Extracted data: Begin

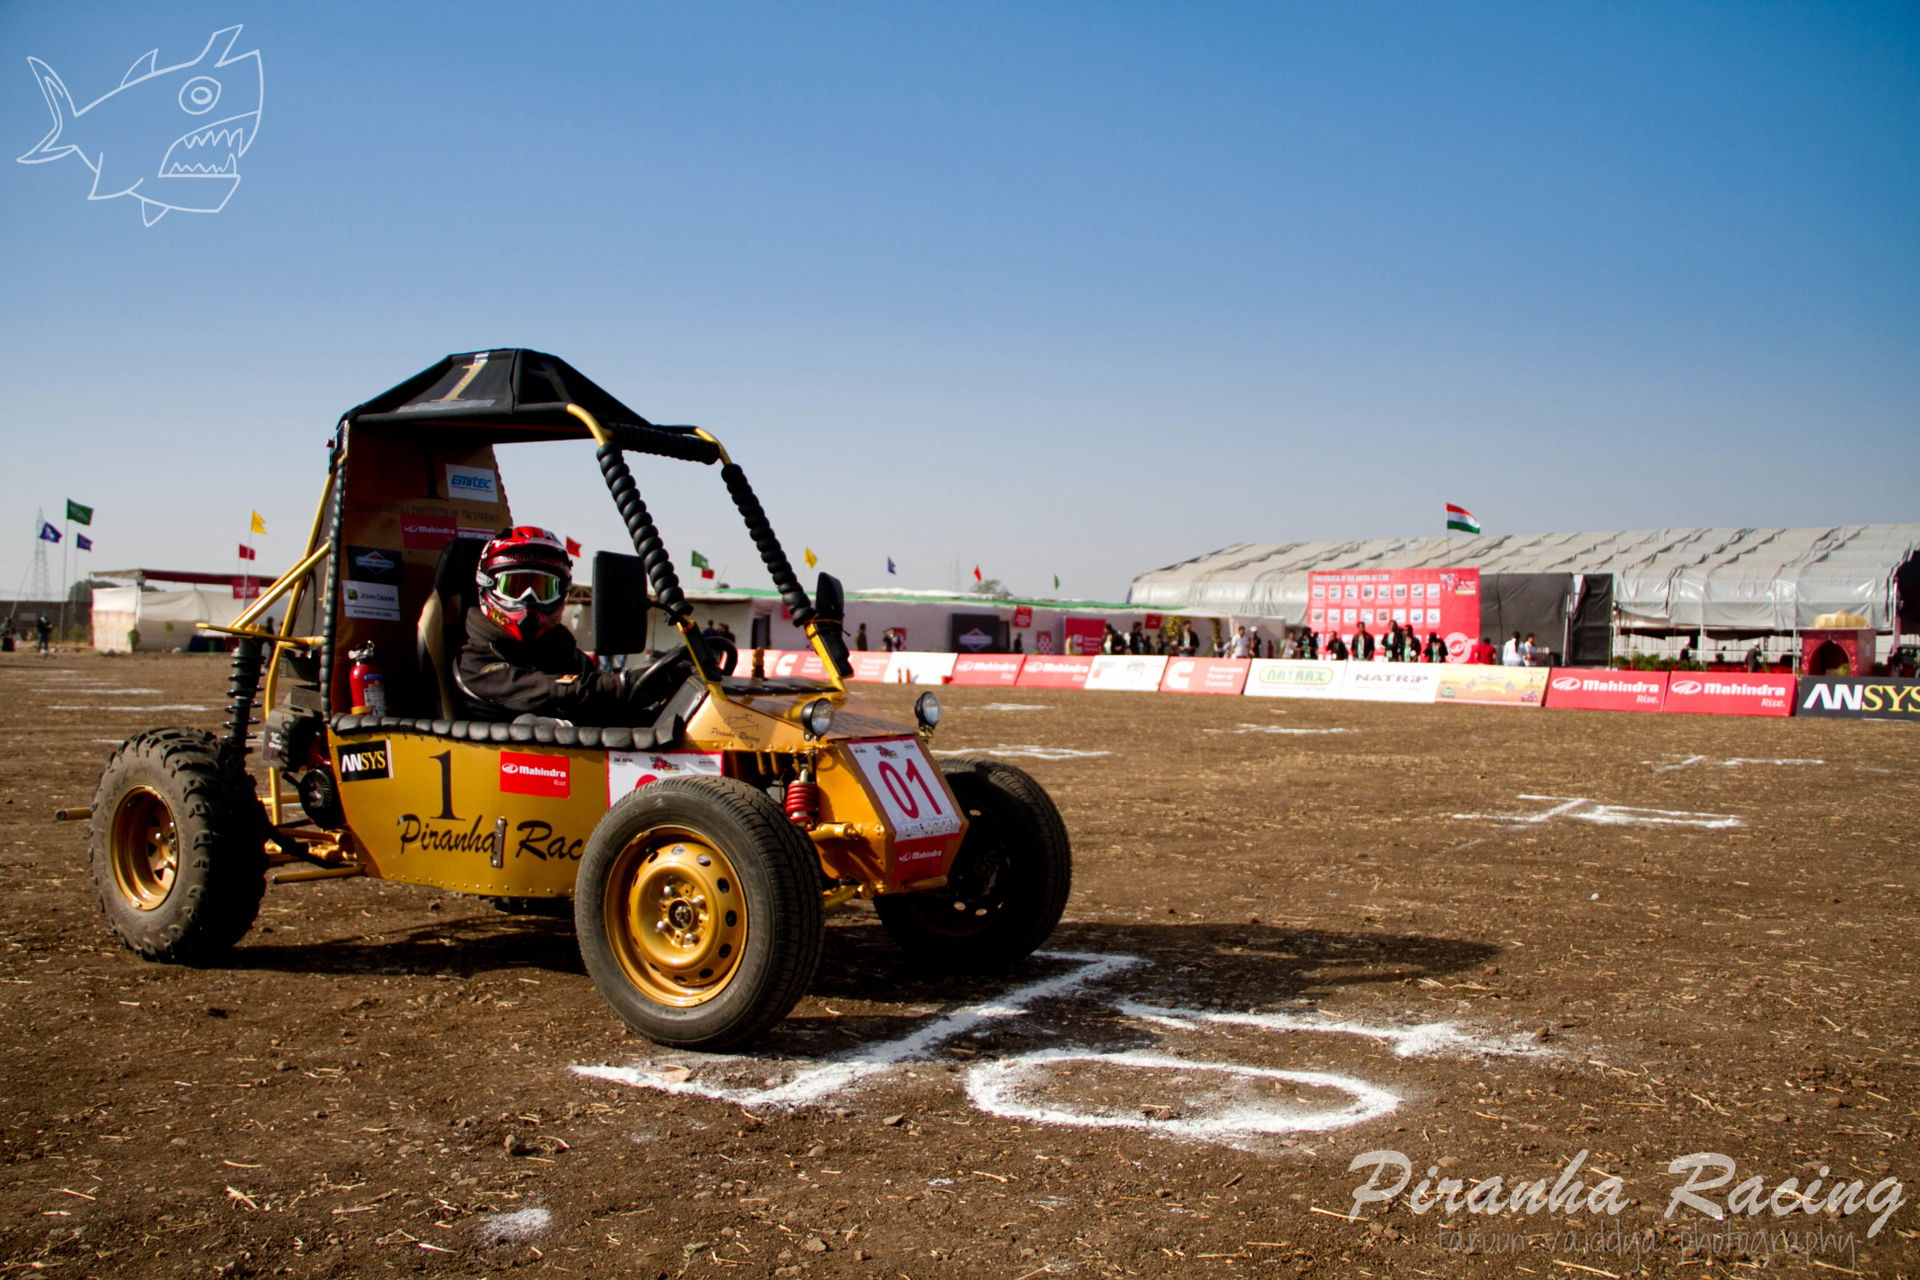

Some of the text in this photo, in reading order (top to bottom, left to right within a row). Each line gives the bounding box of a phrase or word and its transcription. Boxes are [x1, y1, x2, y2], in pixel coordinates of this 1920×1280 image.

[430, 352, 488, 402] 1
[418, 526, 456, 535] Mahindra
[1582, 680, 1660, 693] Mahindra
[1703, 683, 1786, 697] Mahindra
[1803, 682, 1920, 713] ANSYS
[341, 750, 387, 773] ANSYS
[519, 765, 567, 779] Mahindra
[429, 750, 466, 821] 1
[878, 758, 943, 819] 01
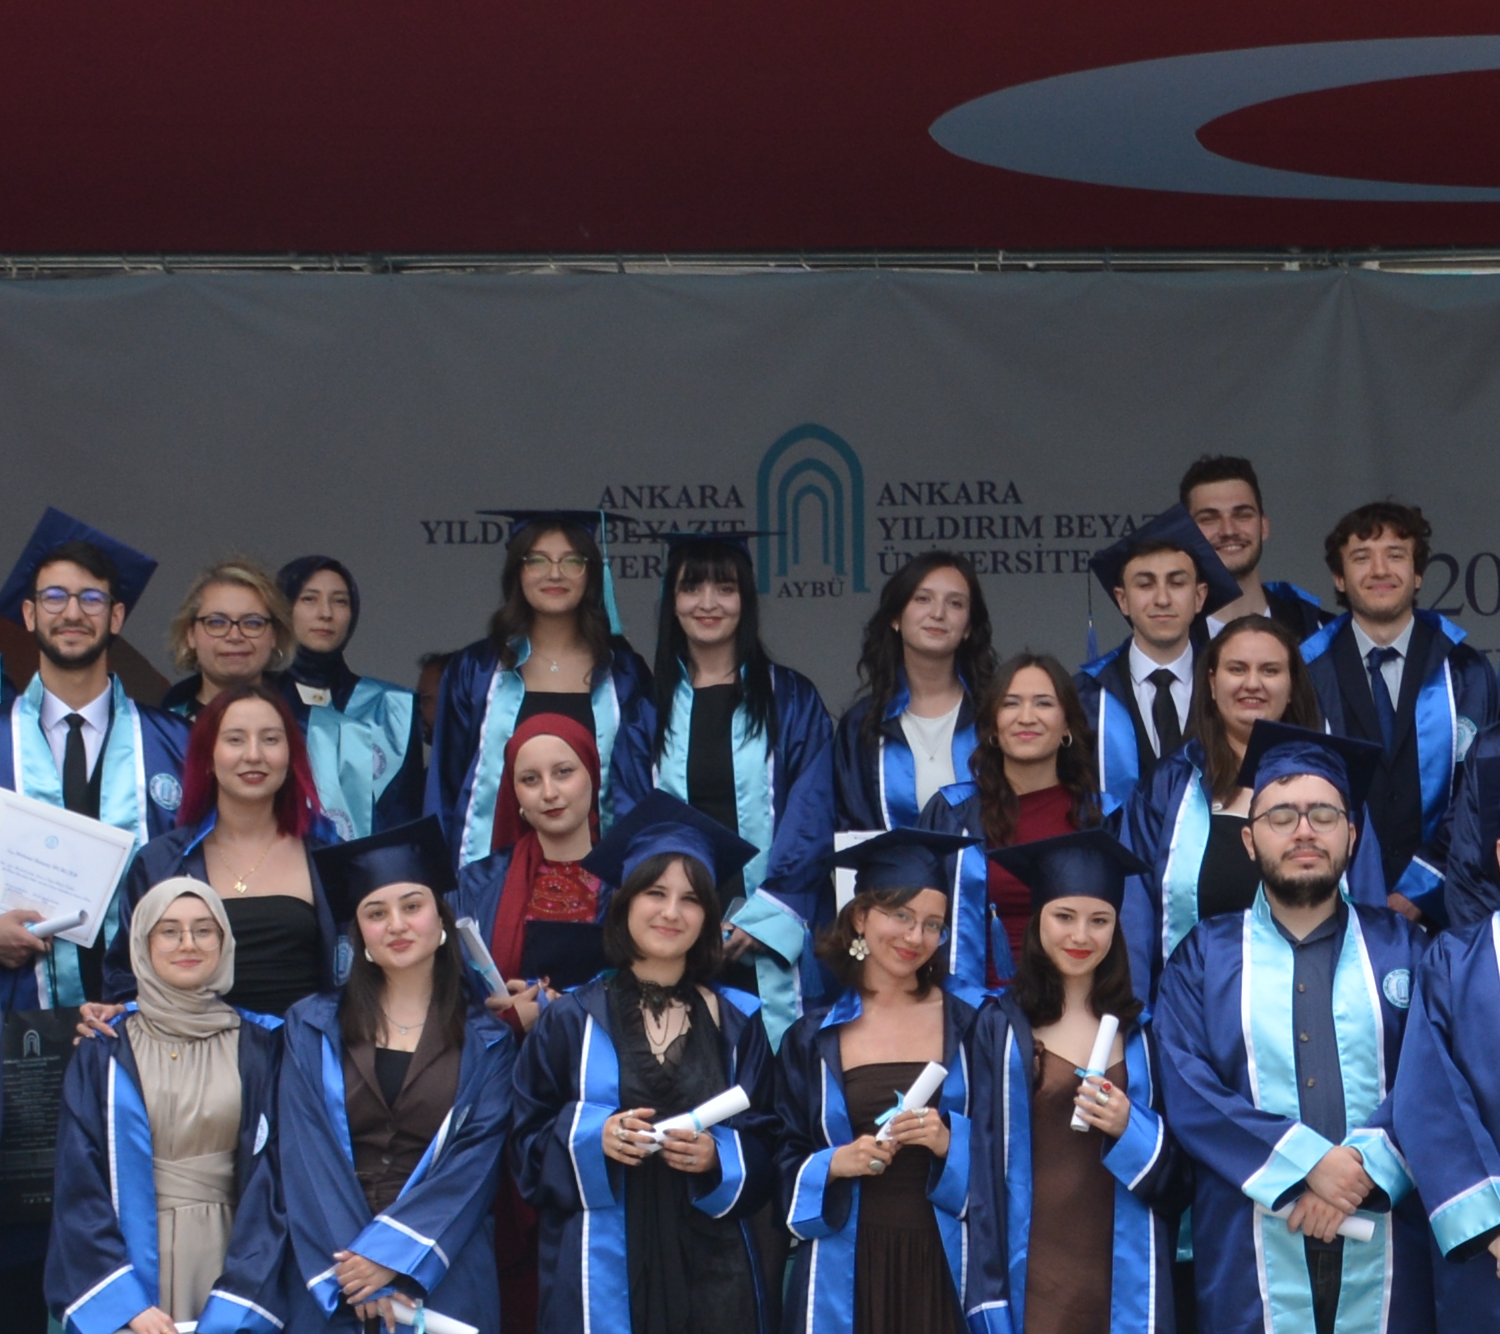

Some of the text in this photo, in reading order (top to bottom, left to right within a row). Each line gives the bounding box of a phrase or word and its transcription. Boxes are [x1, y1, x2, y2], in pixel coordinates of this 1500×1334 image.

[597, 484, 746, 510] ANKARA
[876, 480, 1023, 506] ANKARA
[876, 514, 1044, 541] YILDIRIM
[776, 575, 846, 598] AYBÜ

Extracted data: End

_Activity_
Take the lines above from the one holding "this 1500×1334 image." to the last and output them exactly.

_Task answer_
Some of the text in this photo, in reading order (top to bottom, left to right within a row). Each line gives the bounding box of a phrase or word and its transcription. Boxes are [x1, y1, x2, y2], in pixel coordinates of this 1500×1334 image.

[597, 484, 746, 510] ANKARA
[876, 480, 1023, 506] ANKARA
[876, 514, 1044, 541] YILDIRIM
[776, 575, 846, 598] AYBÜ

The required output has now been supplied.